+++ MATERIAL PROVIDED
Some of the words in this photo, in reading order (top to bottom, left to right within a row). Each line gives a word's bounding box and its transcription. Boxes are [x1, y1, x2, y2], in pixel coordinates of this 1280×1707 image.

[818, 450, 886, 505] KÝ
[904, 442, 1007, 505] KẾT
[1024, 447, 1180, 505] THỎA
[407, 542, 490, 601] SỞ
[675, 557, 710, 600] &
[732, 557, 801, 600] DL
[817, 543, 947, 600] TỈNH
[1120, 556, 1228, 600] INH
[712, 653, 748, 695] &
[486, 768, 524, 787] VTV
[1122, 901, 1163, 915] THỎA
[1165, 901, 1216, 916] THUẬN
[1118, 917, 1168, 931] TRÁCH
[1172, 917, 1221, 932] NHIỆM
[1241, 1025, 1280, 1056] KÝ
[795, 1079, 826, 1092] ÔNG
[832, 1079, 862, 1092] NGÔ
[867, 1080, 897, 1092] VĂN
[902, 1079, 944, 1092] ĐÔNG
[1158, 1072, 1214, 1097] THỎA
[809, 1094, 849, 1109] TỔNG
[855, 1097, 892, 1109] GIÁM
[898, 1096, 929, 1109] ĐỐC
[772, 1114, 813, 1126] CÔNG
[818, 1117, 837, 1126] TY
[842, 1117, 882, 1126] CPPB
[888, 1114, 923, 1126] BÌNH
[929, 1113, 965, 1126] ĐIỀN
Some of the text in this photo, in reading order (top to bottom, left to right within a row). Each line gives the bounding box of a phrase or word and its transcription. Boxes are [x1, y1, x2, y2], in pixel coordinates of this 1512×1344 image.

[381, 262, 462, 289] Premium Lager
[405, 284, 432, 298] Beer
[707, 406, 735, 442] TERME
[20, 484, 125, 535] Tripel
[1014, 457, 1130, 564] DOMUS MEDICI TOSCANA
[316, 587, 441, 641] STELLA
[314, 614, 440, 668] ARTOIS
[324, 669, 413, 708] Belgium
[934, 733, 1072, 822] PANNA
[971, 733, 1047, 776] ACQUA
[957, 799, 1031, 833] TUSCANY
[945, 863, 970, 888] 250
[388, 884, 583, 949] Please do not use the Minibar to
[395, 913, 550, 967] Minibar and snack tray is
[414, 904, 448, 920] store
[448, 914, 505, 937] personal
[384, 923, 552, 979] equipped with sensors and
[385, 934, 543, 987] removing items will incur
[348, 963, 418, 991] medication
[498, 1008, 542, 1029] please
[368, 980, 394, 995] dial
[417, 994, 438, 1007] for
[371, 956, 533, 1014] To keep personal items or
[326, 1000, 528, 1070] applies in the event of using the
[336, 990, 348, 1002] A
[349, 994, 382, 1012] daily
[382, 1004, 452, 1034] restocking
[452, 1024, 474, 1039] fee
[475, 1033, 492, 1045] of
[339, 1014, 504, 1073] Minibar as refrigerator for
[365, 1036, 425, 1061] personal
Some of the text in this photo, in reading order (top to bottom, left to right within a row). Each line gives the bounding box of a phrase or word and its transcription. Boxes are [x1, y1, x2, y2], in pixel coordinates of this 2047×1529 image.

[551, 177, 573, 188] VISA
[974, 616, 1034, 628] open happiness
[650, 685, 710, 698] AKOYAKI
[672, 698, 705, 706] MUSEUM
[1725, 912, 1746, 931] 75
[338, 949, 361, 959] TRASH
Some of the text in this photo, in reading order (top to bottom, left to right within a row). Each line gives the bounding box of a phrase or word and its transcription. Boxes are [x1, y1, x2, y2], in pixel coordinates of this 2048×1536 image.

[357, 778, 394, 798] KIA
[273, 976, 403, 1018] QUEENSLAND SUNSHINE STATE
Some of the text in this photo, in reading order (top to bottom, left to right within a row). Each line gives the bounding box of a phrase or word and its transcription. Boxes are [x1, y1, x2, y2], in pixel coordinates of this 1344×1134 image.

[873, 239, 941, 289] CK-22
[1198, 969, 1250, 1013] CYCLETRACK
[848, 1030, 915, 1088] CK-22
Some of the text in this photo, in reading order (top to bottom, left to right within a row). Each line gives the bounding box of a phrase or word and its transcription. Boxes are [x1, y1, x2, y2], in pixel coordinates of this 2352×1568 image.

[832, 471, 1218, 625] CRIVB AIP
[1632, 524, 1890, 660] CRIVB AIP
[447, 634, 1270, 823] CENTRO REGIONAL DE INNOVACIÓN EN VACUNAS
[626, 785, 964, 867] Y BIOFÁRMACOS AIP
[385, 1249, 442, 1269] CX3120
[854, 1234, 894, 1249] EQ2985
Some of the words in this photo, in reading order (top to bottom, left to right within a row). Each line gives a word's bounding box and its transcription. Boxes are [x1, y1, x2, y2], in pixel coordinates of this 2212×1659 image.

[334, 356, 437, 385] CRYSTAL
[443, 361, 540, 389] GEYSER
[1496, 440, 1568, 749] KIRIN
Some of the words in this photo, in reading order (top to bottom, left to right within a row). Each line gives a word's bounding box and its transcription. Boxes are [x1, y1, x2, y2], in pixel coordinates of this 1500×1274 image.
++++++
WORK REQUIRED:
All the records above are to be reproduced exactly.

SOLUTION BELOW:
Some of the words in this photo, in reading order (top to bottom, left to right within a row). Each line gives a word's bounding box and its transcription. Boxes are [x1, y1, x2, y2], in pixel coordinates of this 1280×1707 image.

[818, 450, 886, 505] KÝ
[904, 442, 1007, 505] KẾT
[1024, 447, 1180, 505] THỎA
[407, 542, 490, 601] SỞ
[675, 557, 710, 600] &
[732, 557, 801, 600] DL
[817, 543, 947, 600] TỈNH
[1120, 556, 1228, 600] INH
[712, 653, 748, 695] &
[486, 768, 524, 787] VTV
[1122, 901, 1163, 915] THỎA
[1165, 901, 1216, 916] THUẬN
[1118, 917, 1168, 931] TRÁCH
[1172, 917, 1221, 932] NHIỆM
[1241, 1025, 1280, 1056] KÝ
[795, 1079, 826, 1092] ÔNG
[832, 1079, 862, 1092] NGÔ
[867, 1080, 897, 1092] VĂN
[902, 1079, 944, 1092] ĐÔNG
[1158, 1072, 1214, 1097] THỎA
[809, 1094, 849, 1109] TỔNG
[855, 1097, 892, 1109] GIÁM
[898, 1096, 929, 1109] ĐỐC
[772, 1114, 813, 1126] CÔNG
[818, 1117, 837, 1126] TY
[842, 1117, 882, 1126] CPPB
[888, 1114, 923, 1126] BÌNH
[929, 1113, 965, 1126] ĐIỀN
Some of the text in this photo, in reading order (top to bottom, left to right within a row). Each line gives the bounding box of a phrase or word and its transcription. Boxes are [x1, y1, x2, y2], in pixel coordinates of this 1512×1344 image.

[381, 262, 462, 289] Premium Lager
[405, 284, 432, 298] Beer
[707, 406, 735, 442] TERME
[20, 484, 125, 535] Tripel
[1014, 457, 1130, 564] DOMUS MEDICI TOSCANA
[316, 587, 441, 641] STELLA
[314, 614, 440, 668] ARTOIS
[324, 669, 413, 708] Belgium
[934, 733, 1072, 822] PANNA
[971, 733, 1047, 776] ACQUA
[957, 799, 1031, 833] TUSCANY
[945, 863, 970, 888] 250
[388, 884, 583, 949] Please do not use the Minibar to
[395, 913, 550, 967] Minibar and snack tray is
[414, 904, 448, 920] store
[448, 914, 505, 937] personal
[384, 923, 552, 979] equipped with sensors and
[385, 934, 543, 987] removing items will incur
[348, 963, 418, 991] medication
[498, 1008, 542, 1029] please
[368, 980, 394, 995] dial
[417, 994, 438, 1007] for
[371, 956, 533, 1014] To keep personal items or
[326, 1000, 528, 1070] applies in the event of using the
[336, 990, 348, 1002] A
[349, 994, 382, 1012] daily
[382, 1004, 452, 1034] restocking
[452, 1024, 474, 1039] fee
[475, 1033, 492, 1045] of
[339, 1014, 504, 1073] Minibar as refrigerator for
[365, 1036, 425, 1061] personal
Some of the text in this photo, in reading order (top to bottom, left to right within a row). Each line gives the bounding box of a phrase or word and its transcription. Boxes are [x1, y1, x2, y2], in pixel coordinates of this 2047×1529 image.

[551, 177, 573, 188] VISA
[974, 616, 1034, 628] open happiness
[650, 685, 710, 698] AKOYAKI
[672, 698, 705, 706] MUSEUM
[1725, 912, 1746, 931] 75
[338, 949, 361, 959] TRASH
Some of the text in this photo, in reading order (top to bottom, left to right within a row). Each line gives the bounding box of a phrase or word and its transcription. Boxes are [x1, y1, x2, y2], in pixel coordinates of this 2048×1536 image.

[357, 778, 394, 798] KIA
[273, 976, 403, 1018] QUEENSLAND SUNSHINE STATE
Some of the text in this photo, in reading order (top to bottom, left to right within a row). Each line gives the bounding box of a phrase or word and its transcription. Boxes are [x1, y1, x2, y2], in pixel coordinates of this 1344×1134 image.

[873, 239, 941, 289] CK-22
[1198, 969, 1250, 1013] CYCLETRACK
[848, 1030, 915, 1088] CK-22
Some of the text in this photo, in reading order (top to bottom, left to right within a row). Each line gives the bounding box of a phrase or word and its transcription. Boxes are [x1, y1, x2, y2], in pixel coordinates of this 2352×1568 image.

[832, 471, 1218, 625] CRIVB AIP
[1632, 524, 1890, 660] CRIVB AIP
[447, 634, 1270, 823] CENTRO REGIONAL DE INNOVACIÓN EN VACUNAS
[626, 785, 964, 867] Y BIOFÁRMACOS AIP
[385, 1249, 442, 1269] CX3120
[854, 1234, 894, 1249] EQ2985
Some of the words in this photo, in reading order (top to bottom, left to right within a row). Each line gives a word's bounding box and its transcription. Boxes are [x1, y1, x2, y2], in pixel coordinates of this 2212×1659 image.

[334, 356, 437, 385] CRYSTAL
[443, 361, 540, 389] GEYSER
[1496, 440, 1568, 749] KIRIN
Some of the words in this photo, in reading order (top to bottom, left to right within a row). Each line gives a word's bounding box and its transcription. Boxes are [x1, y1, x2, y2], in pixel coordinates of this 1500×1274 image.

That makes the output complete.